The beer sold out within 90 minutes, giving us a tiny cash infusion. Food sales typically hit their peak once the concert lets out, but with our two staple menu items unsellable, we packed up and left. It would be at least 12 hours before the chimis thawed and the grilled PB&Js were a total loss. My strategy needed some retooling, but with a mere $130 between us, prospects were few. So we did what many on the cusp of failure too often do: we turned to alcohol to help solve our problems.
Few places in America can match the surreal spectacle of a Phish lot. During the day it has the airs of a festival-flea-market hybrid, but by night it’s a lawless wasteland of drink and drug-fueled excess.
Revelers from all over the country pour into the lots, some to vend, some to party, some to do both. Many have toured all summer, following the Vermont-based band from city to city, flipping dollars on lots outside of the various venues.
Worn down vans with thousands of American highway miles on them form the bulk of the vehicles you’ll find on Shakedown, as the vending area is known. It’s a label passed down from the Deadheads and derived from The Grateful Dead song Shakedown Street.
In Chicago, dozens wandered the lot with a finger in the air indicating their want of a ticket for the sold out show, which were going for upwards of $250. The more financially-strapped sought miracles (another nod the Dead), i.e. a free ticket from a generous benefactor.
You might think of the Phish lot as a self-assembling, transient ghetto for privileged white kids and older heads who’ve never stopped truckin’. It’s a shadow economy that functions largely off the grid, where untaxed goods are sold freely without permits and illicit commodities exchange hands as openly as they do in America’s inner-cities, but without much risk of arrest. To their extraordinary credit, law enforcement has traditionally cast a blind eye on this commerce, a precedent Chicago police pleasantly honored.

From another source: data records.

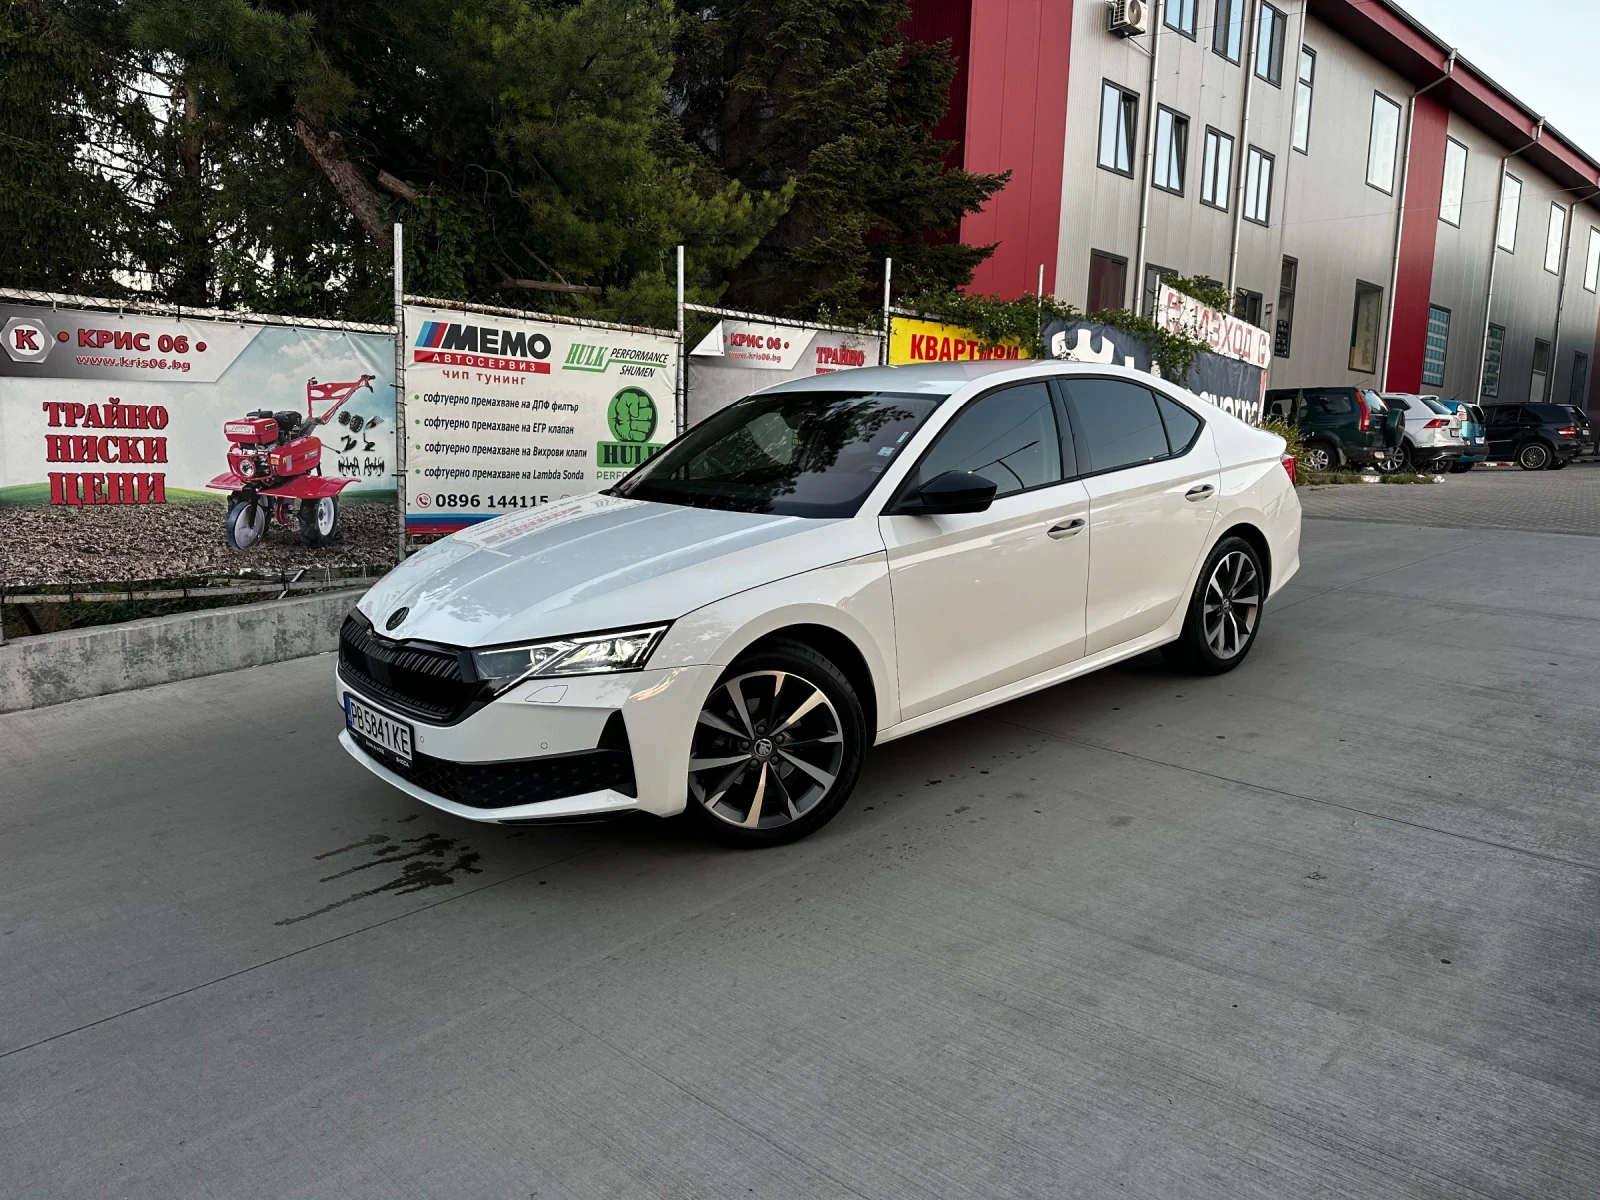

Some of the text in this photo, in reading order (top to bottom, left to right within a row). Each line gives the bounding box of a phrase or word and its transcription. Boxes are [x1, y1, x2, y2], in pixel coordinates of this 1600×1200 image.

[78, 329, 190, 353] КРИС 06
[441, 324, 551, 359] MEMO
[730, 333, 782, 350] КРИС 06
[77, 355, 191, 372] www.kris06.bg
[432, 353, 536, 371] АВТОСЕРВИЗ
[565, 343, 669, 367] HULK PERFORMANCE
[729, 351, 782, 363] www.kris06.bg
[815, 344, 865, 367] ТРАЙНО
[620, 365, 655, 378] SHUMEN
[423, 391, 579, 414] софтуерно премахване на ДПФ филтър
[43, 397, 169, 430] ТРАЙНО
[424, 416, 574, 434] софтуерно премахване на ЕГР клапан
[45, 434, 168, 463] НИСКИ
[424, 441, 588, 459] софтуерно премахване на Вихрови клапи
[424, 466, 584, 480] софтуерно премахване на Lambda Sonda
[47, 472, 167, 509] ЦЕНИ
[435, 494, 549, 508] 0896 144115
[350, 702, 364, 729] PB
[364, 709, 391, 746] 5841
[391, 723, 410, 756] KE

Without a doubt, undercover cops lurk in the trenches, as evidenced by the kid who was frisked Wednesday on the hood of my van. (He was ultimately let go.) In fact, a uniformed officer on duty Tuesday night was observed walking the lot Wednesday night in civilian clothes. And DEA scum are known to have cuffed more than a few over the years. Jerry Becka, the DEA special agent here in Madison, is rumored to have cut his teeth working the Dead lots back in the day. But for the most part, the police just kind of keep watch from the perimeter, not a drug dog in sight.
In the late 90s when I was more committed to Phish and Further tours, I’d sell beers from a cooler and $1 grilled cheeses cooked on a little Coleman camping stove. Traveling was cheap back then. Even if you only brought in $60 a show it was enough to cover the essentials: gas, beer, smokes and food. Now, $60 is a half tank of gas. Supporting oneself on the road is no easy feat these days and the Phish lot is perhaps the only forum in which an easy dollar can be earned. Yes, I said ‘earned,’ because anyone who’s ever worked a show knows the hustle involved.
After our performance Monday night, I wasn’t feeling too good about things Tuesday morning, but I had an idea. After running out of beer the night before, I perused the lot to scope the operations of other vendors. Amid the usual coterie of merchandise – t-shirts, hats, artwork, jewelry and gems – were several food vendors with an array of customized kitchens. Most offered cheap eats like veggie wraps, burritos, quesadillas and grilled cheeses. One guy made French bread pizzas in a home kitchen oven retrofitted to run on propane. Another sold macaroni with gouda cheese. Nom nom nom.
It occurred to me that what was missing from Shakedown was a neighborhood tavern. Sure people sold beer and some sold limited mixed drinks but they didn’t do it well. One kid was charging $2 to swig from a bottle. Cold sores anyone? So we plunked our $130 down on beer and bum jugs of liquor and launched The Shakedown Tavern. It was a whopping success. Within three hours we had sold out of everything, nearly quadrupling our investment. Sweetening the night further were the rave reviews we received from those who bought our chimichanga plates. They had thawed, but whatever was leftover on Tuesday would be unsellable on Wednesday.
On the way back to the motel we made the no-brainer decision to double our alcohol inventory for Wednesday night’s show, when The Shakedown Tavern became a full-service bar with enough beer and spirits on hand to ensure our sales until the lot closed around 1 a.m. Wednesday, being Phish’s final night in the Windy City, was also expected to draw the largest crowd of the three nights, a circumstance we intended to capitalize on completely. But the next morning our effort was nearly sunk by Angel, the very un-angel like front-end manager at a Sam’s Club in Tinley Park who refused to sell me the alcohol I so desperately needed.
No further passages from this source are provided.